Sergio Romano, Corriere della Sera 26/4/2007, 26 aprile 2007
Caro Romano, le autorità di Kabul hanno reso note le accuse contro il signor Hanefi. «Si tratta di un reato che mette a rischio la sicurezza nazionale – hanno spiegato alla nostra diplomazia – e per il nostro ordinamento in questi casi non è prevista l’assistenza di un legale»
Caro Romano, le autorità di Kabul hanno reso note le accuse contro il signor Hanefi. «Si tratta di un reato che mette a rischio la sicurezza nazionale – hanno spiegato alla nostra diplomazia – e per il nostro ordinamento in questi casi non è prevista l’assistenza di un legale». In altre parole: io scelgo l’accusa.

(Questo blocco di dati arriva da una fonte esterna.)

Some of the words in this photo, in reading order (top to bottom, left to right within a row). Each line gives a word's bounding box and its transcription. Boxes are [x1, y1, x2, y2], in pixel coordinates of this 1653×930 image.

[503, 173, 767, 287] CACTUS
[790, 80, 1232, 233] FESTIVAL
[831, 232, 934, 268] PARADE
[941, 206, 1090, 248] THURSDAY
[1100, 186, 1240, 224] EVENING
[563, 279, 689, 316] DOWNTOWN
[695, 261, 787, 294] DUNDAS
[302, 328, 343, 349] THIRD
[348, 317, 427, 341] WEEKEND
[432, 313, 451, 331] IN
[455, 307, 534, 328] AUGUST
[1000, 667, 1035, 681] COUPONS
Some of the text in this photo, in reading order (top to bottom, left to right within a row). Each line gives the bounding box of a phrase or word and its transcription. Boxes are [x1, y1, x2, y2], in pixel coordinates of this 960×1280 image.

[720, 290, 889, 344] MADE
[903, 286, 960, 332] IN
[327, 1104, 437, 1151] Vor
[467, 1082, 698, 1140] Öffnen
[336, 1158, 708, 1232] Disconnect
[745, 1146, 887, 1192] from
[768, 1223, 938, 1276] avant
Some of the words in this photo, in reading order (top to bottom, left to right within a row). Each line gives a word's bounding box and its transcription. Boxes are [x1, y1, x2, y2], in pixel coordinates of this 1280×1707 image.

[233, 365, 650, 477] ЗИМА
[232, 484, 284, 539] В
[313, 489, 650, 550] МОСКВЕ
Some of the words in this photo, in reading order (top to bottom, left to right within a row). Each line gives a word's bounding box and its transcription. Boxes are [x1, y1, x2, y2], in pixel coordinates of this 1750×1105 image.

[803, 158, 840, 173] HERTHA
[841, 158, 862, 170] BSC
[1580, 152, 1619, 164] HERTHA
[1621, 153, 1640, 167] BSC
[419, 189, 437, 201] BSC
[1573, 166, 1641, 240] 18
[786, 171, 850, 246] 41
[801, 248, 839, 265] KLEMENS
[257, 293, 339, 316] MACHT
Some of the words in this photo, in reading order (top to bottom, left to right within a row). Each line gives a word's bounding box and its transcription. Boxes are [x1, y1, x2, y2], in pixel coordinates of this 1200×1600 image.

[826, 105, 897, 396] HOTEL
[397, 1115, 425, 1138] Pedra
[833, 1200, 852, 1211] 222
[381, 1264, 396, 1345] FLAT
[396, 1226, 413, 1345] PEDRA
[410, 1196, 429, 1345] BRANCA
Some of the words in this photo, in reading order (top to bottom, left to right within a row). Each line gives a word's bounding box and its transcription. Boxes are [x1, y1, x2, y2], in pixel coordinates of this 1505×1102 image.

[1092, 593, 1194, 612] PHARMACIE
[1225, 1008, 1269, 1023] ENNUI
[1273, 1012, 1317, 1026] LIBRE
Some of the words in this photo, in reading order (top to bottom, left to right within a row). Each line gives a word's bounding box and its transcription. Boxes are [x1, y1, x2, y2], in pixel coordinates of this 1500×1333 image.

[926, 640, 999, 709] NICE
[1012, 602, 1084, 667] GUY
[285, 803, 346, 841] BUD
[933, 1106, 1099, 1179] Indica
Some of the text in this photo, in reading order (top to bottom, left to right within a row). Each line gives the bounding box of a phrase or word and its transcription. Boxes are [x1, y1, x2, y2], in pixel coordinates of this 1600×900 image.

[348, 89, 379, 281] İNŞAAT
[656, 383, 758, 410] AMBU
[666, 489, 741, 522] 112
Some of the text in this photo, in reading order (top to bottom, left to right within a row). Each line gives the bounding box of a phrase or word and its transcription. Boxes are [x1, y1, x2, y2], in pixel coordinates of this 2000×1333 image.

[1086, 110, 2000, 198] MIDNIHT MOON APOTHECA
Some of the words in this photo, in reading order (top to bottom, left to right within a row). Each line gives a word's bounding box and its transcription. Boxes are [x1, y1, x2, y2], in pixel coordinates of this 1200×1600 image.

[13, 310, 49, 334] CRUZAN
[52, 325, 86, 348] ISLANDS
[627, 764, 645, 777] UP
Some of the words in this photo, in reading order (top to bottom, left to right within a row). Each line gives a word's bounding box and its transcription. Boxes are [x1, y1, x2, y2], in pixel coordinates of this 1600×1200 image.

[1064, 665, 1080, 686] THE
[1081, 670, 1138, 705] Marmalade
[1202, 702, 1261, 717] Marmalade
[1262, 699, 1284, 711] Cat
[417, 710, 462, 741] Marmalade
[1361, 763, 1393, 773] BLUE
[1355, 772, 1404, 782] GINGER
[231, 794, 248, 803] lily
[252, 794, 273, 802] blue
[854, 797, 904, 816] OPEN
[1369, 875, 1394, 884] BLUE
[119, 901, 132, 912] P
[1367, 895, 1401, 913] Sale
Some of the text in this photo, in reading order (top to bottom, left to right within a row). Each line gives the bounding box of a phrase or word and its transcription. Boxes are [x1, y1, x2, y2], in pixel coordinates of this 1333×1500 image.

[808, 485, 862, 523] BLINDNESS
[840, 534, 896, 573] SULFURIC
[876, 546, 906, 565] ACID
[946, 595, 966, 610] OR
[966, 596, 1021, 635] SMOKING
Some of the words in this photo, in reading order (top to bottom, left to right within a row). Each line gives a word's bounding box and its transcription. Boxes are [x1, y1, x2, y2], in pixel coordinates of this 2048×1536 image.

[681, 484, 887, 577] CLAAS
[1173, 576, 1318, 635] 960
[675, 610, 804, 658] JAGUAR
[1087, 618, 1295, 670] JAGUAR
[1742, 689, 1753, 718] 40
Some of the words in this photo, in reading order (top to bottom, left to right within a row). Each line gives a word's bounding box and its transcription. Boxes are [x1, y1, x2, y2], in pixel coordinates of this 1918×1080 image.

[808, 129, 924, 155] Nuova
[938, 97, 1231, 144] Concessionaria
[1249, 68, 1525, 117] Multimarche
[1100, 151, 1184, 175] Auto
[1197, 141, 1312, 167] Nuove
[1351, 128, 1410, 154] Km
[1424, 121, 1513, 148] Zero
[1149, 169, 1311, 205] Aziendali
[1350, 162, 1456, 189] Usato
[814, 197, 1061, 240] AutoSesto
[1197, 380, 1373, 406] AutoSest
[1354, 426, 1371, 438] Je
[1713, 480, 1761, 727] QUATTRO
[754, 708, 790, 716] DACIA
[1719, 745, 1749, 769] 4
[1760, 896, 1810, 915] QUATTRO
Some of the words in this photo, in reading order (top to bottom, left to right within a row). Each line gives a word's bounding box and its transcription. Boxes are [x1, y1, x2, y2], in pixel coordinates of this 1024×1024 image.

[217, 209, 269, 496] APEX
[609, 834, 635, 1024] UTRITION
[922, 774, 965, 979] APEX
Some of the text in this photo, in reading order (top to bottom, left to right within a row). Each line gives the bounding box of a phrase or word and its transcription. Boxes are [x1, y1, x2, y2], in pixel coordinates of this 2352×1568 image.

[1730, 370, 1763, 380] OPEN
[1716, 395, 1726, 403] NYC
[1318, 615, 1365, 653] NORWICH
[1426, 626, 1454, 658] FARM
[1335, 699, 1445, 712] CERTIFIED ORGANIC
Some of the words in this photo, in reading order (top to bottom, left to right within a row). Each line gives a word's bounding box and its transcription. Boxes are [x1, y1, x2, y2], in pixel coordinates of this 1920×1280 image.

In base all’accusa scelta non hai diritto a un avvocato. Senza avvocato ti processo, e guarda caso si dimostra che l’accusa era fondata, per cui ho fatto bene a non darti un avvocato. Chiedo se questa concezione della procedura penale sia un residuo del regime talebano, o una trovata di quello che sosteniamo con i nostri soldati. Guido Ricci togliquesto-cincinnato @tiscali.be • Le sue osservazioni sono giuste. Ma le ricordo che il trattamento riservato dalla presidenza Bush ai terroristi e ai prigionieri di guerra afghani non era, soprattutto prima dell’intervento della Corte Suprema, troppo diverso. Talebana anche l’America?